Although tea has long been viewed as a revitalizing beverage, only recently has scientific research begun to substantiate the benefits of drinking tea. The results are promising: adding tea to your daily diet could be the edge you need to stay healthy from head to toe.
“New studies reveal how the powerful antioxidant phytonutrients (plant nutrients) in tea, called flavonoids, may help defend the body against a variety of ailments,” says Jim Kinsinger, PhD, of Celestial Seasonings. Drinking tea regularly may help many tissues in the body, including:
Heart and Blood Vessels: a recent USDA study reports that tea reduces “bad” LDL cholesterol in the blood and increases the ability of blood vessels to respond to stress. Tea consumption has been linked with a reduced risk for heart disease and stroke in many studies.

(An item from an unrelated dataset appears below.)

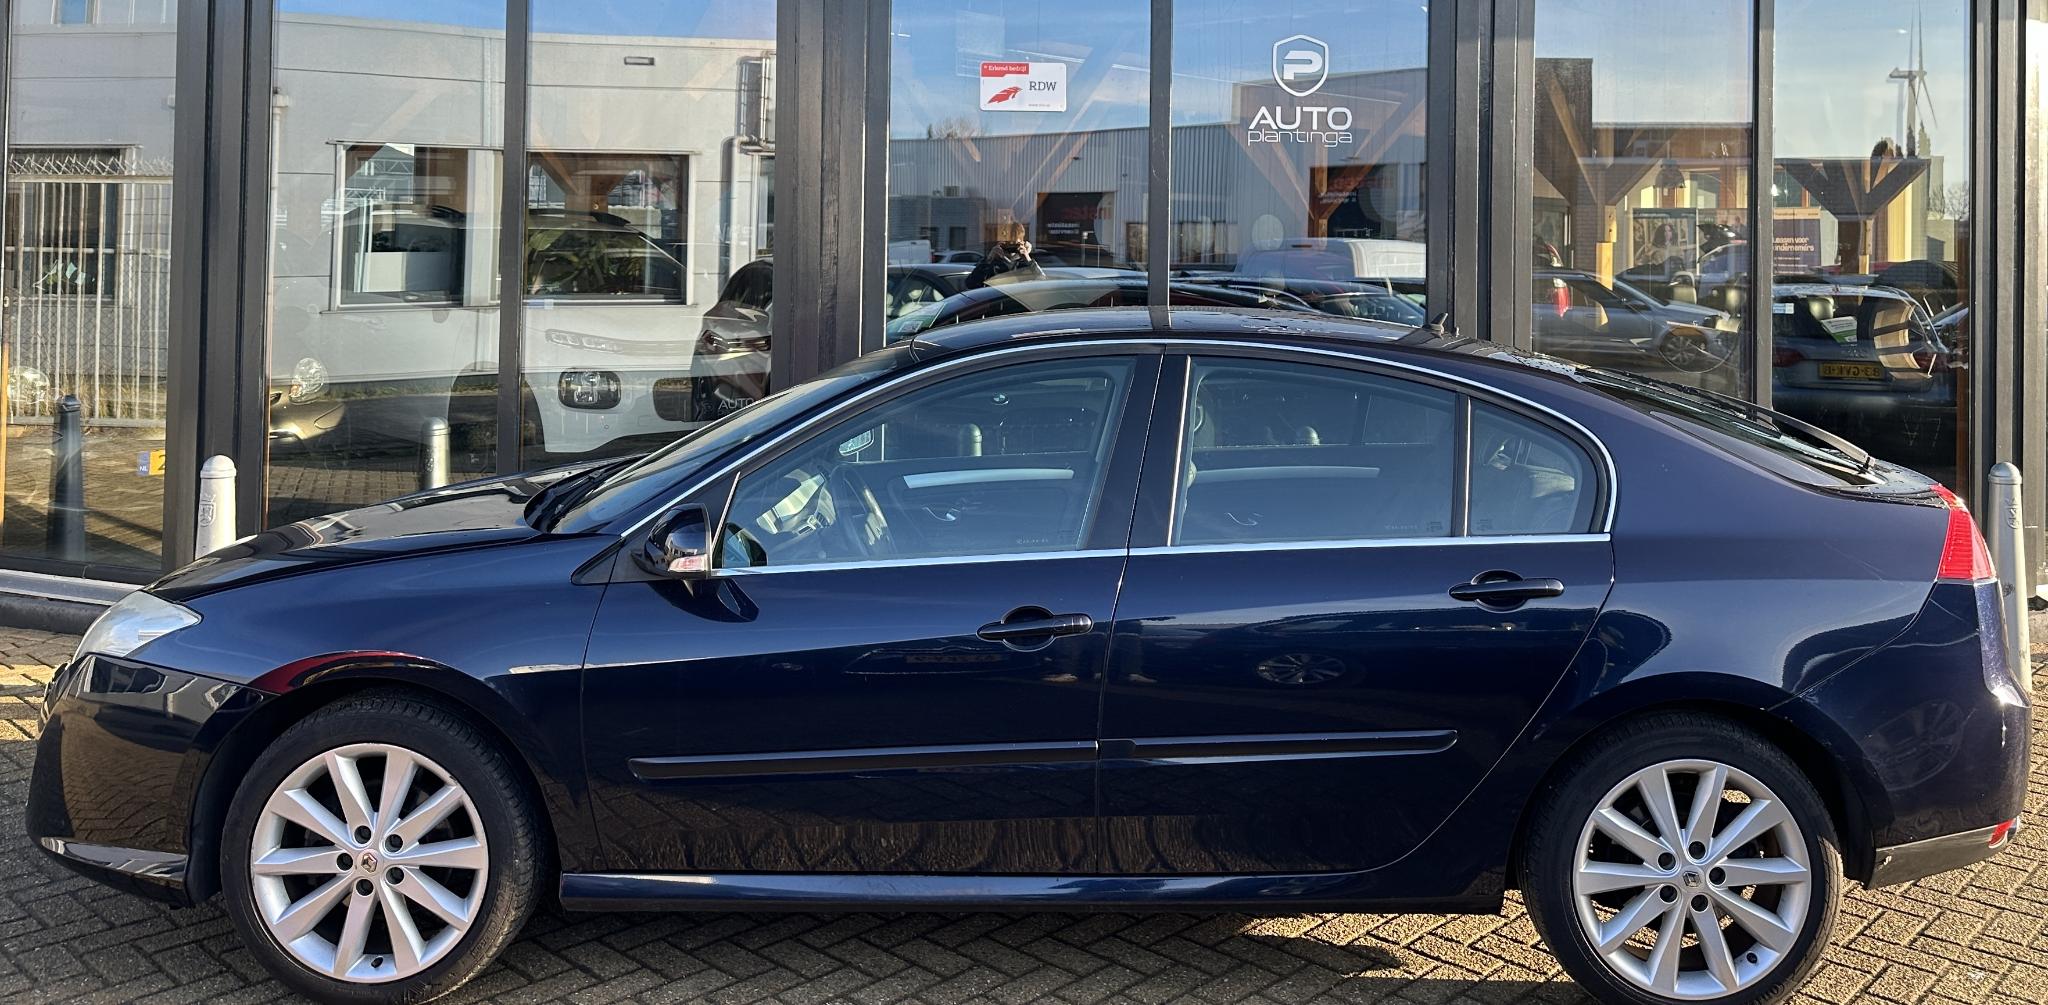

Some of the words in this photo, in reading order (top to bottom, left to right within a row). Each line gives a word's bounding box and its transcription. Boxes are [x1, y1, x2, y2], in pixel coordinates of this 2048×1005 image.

Cancer: the flavonoids in tea can act to inhibit the development of precancerous lesions and cancers in many tissues, including bladder, breast, intestine, liver, lung, mouth, pancreas, and skin, in animal studies and human cell lines.
Bones and Joints: tea consumption may help maintain bone mineral density during aging, reduce osteoporosis, and prevent fractures. Some research indicates tea flavonoids have anti-inflammatory actions and may reduce the severity of rheumatoid arthritis.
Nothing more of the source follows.